*YOUR ASSIGNMENT*
Output the entries that follow character for character. Leave every image out.

*SOURCE RECORDS*
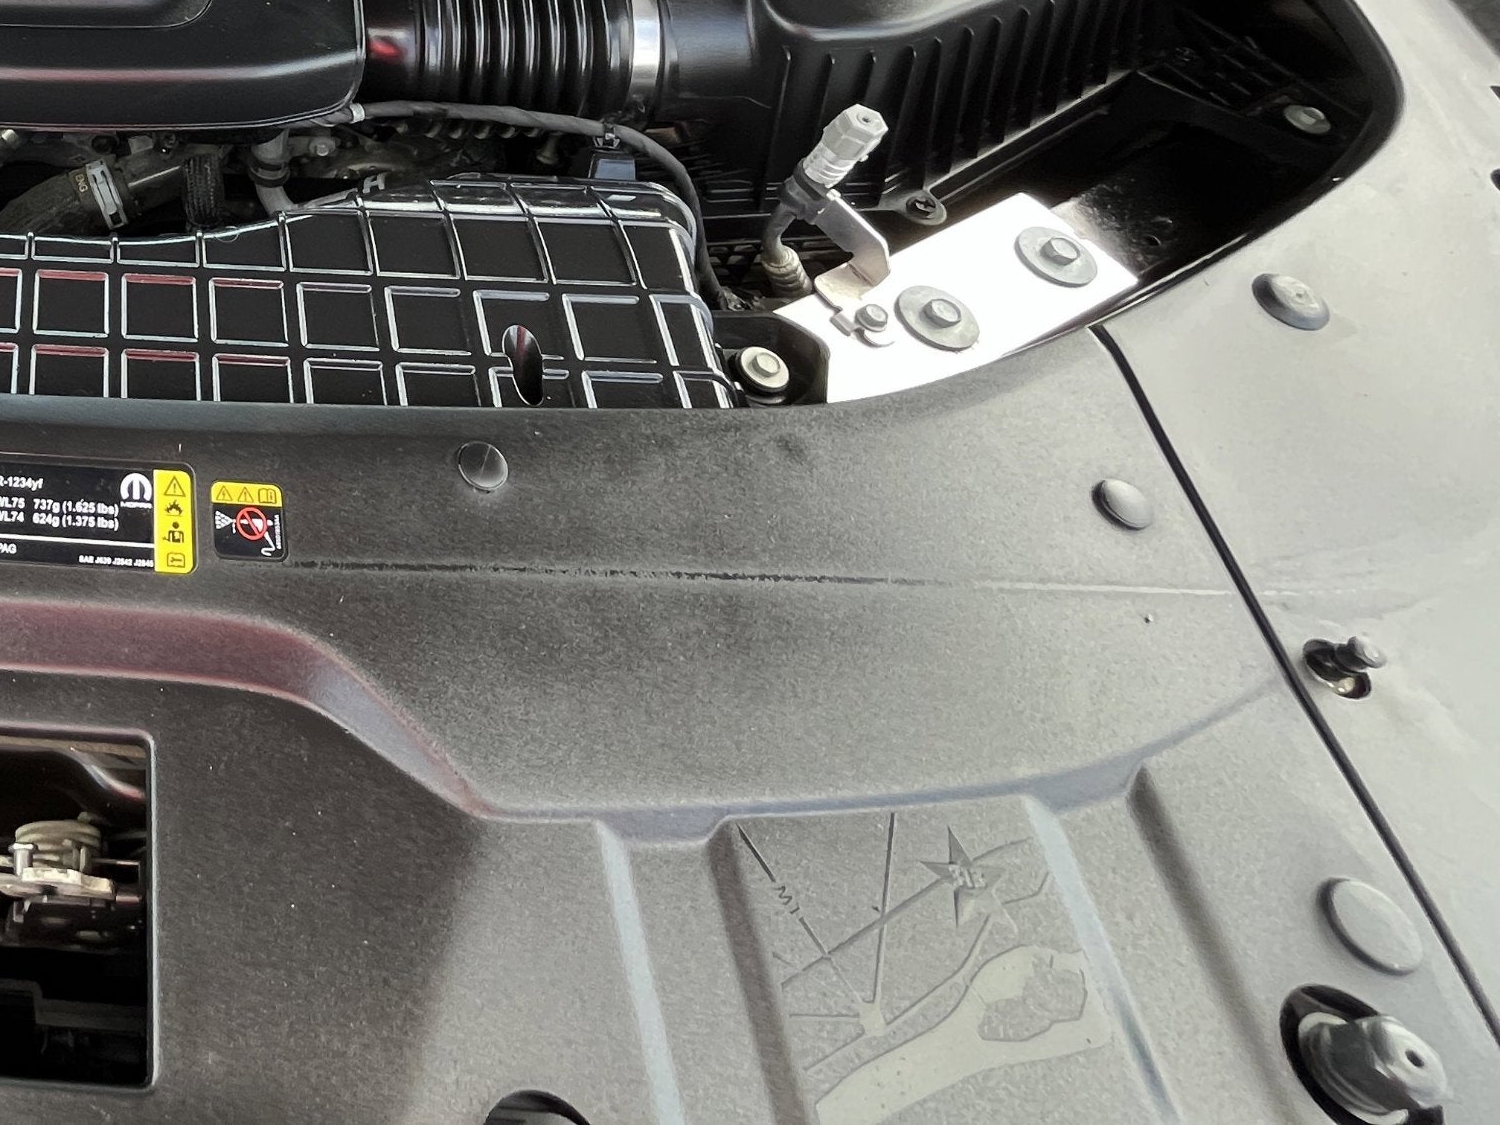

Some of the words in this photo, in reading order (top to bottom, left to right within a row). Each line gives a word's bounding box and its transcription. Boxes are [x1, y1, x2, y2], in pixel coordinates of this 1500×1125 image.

[33, 498, 61, 514] 737g
[62, 499, 96, 515] (1.625
[97, 502, 119, 518] lbs)
[32, 512, 60, 528] 624g
[62, 514, 96, 528] (1.375
[97, 516, 119, 531] lbs)

*WRITTEN ANSWER*
Some of the words in this photo, in reading order (top to bottom, left to right within a row). Each line gives a word's bounding box and its transcription. Boxes are [x1, y1, x2, y2], in pixel coordinates of this 1500×1125 image.

[33, 498, 61, 514] 737g
[62, 499, 96, 515] (1.625
[97, 502, 119, 518] lbs)
[32, 512, 60, 528] 624g
[62, 514, 96, 528] (1.375
[97, 516, 119, 531] lbs)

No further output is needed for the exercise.